The Biphasic Paradox of Aging Repair

We’re seeing a clear, two-stage collapse in how genomes maintain themselves as they age. First, there’s a shift from Homologous Recombination (HR) to Non-Homologous End Joining (NHEJ) because resection becomes impaired (pubmed.35998703). This is followed by a final slide into alternative end-joining (Alt-EJ) and microhomology-mediated repair at the nuclear periphery (academic.oup.com/nar/article/35/22/7466/2401975). While losing Ku70 and Dna2-Sgs1 explains the enzymatic deficit, it doesn't quite capture the spatial dance of secondary $\gamma$H2AX/p53BP1 foci. These clusters correlate strongly with the translocation risks found in aged tissues (academic.oup.com/jrr/article/55/suppl_1/i79/913821/).

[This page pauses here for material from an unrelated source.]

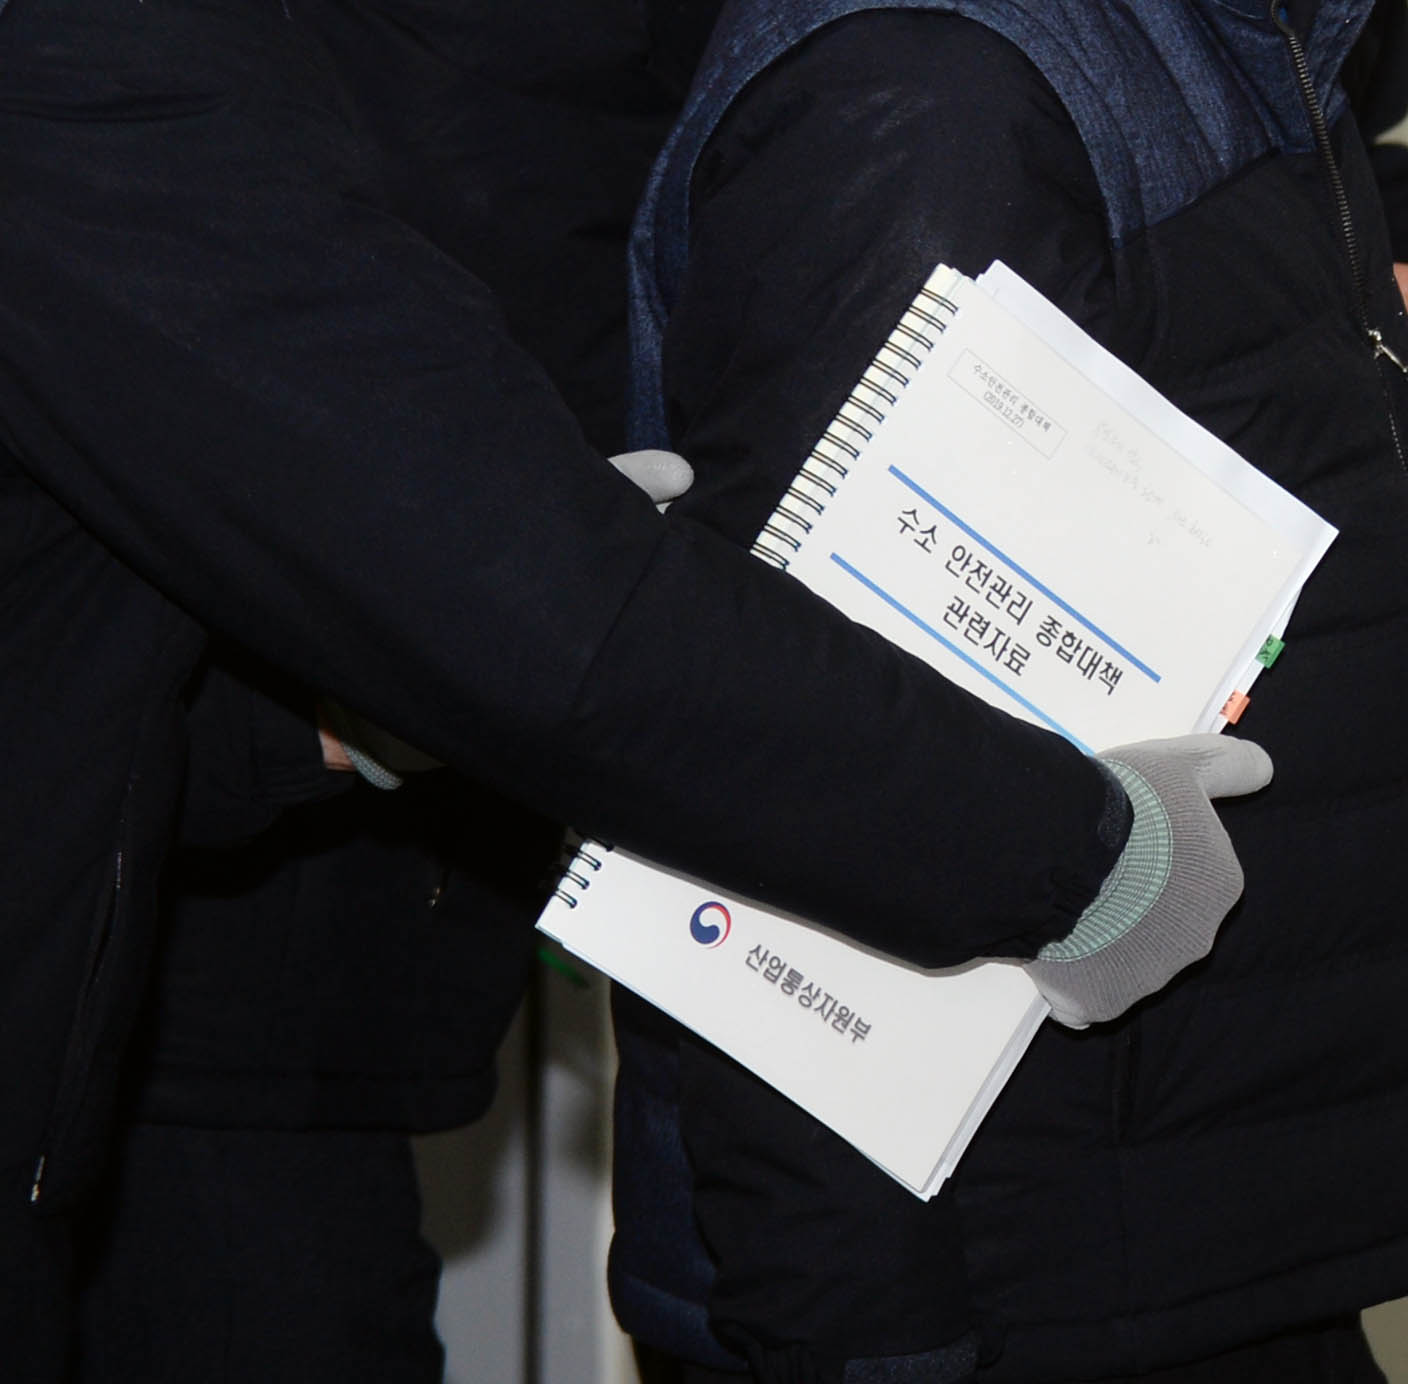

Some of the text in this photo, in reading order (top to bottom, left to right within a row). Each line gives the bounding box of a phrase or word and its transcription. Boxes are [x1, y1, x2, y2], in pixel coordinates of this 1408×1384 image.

[897, 507, 1124, 696] 수소 안전관리 종합대책
[942, 596, 1033, 676] 관련자료
[744, 943, 873, 1044] 산업통상자원부

The Hypothesis: Spatial Entropy and the Peripheral Sink

I suspect the age-related transition to Alt-EJ isn’t just a result of protein depletion. Instead, it’s driven by the mechanical detachment of Lamin-Associated Domains (LADs). As Lamin B1 levels drop during senescence, heterochromatin relaxes and double-strand breaks (DSBs) become much more mobile. When you combine this increased mobility with a deteriorating Nuclear Pore Complex (NPC) that can’t efficiently import bulky repair scaffolds like 53BP1, the DSBs are essentially forced to migrate toward the nuclear periphery.

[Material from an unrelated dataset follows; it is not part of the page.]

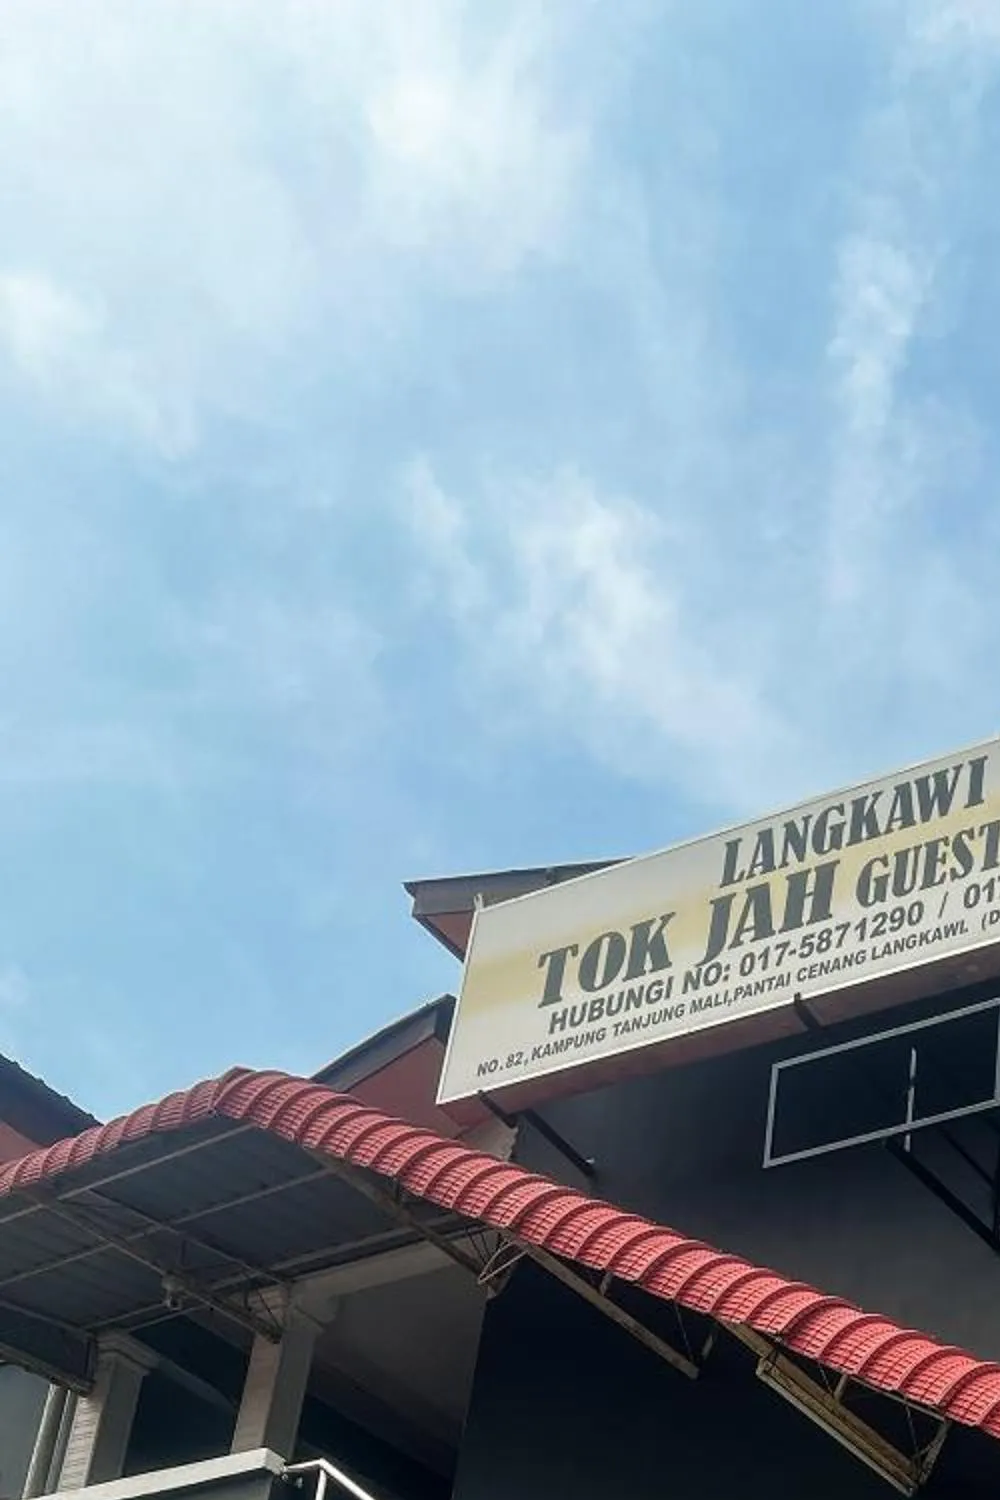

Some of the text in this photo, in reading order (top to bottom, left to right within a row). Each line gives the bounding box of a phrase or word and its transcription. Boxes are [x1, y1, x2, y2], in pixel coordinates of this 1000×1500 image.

In this model, the nuclear periphery acts as a "repair sink." In young cells, the periphery is a regulated environment for specific types of heterochromatic repair. But in aged cells, the structural breakdown of the lamina prevents the RIF1/53BP1 shield from being recruited. Without that shield to regulate end-resection—and without efficient Dna2/Exo1 for long-range resection—the cell defaults to the low-fidelity Alt-EJ machinery, like Pol $\theta$, which is concentrated near the NPC.

Mechanistic Reasoning

1. NPC Bottleneck: I’ve argued previously that the NPC limits repair protein trafficking. Now, I’m proposing that the specific depletion of 53BP1 at peripheral DSBs is the primary driver behind the HR/NHEJ-to-Alt-EJ switch.
2. Secondary Clustering: The high mobility of DSBs in relaxed, aged chromatin facilitates the "secondary clustering" seen in high-LET radiation models. Once at the periphery, these clusters engage in inter-chromosomal microhomology searches, resulting in the translocations and large deletions typical of late-stage aging.
3. Polygenic Linkage: GWAS data linking SIRT6 and metabolism to longevity (pmc.12867182) supports this idea, as SIRT6 is vital for maintaining both LAD stability and efficient NHEJ.

Testability and Falsification

• Test: We can induce site-specific DSBs via CRISPR-Cas9 in young versus senescent fibroblasts, then use 4D-STORM imaging to track the radial position of the break and the recruitment kinetics of 53BP1 versus Pol $\theta$.
• Falsification: If stabilizing the nuclear lamina (through Lamin B1 overexpression) doesn't reduce the frequency of peripheral Alt-EJ junctions, or if 53BP1 recruitment stays constant at the periphery despite aging, then the spatial-mechanic hypothesis is likely wrong.
• Prediction: I predict that restoring NPC transport efficiency will preferentially rescue the 53BP1/NHEJ pathway over the HR pathway in mid-aged cells, effectively bypassing the biphasic decline.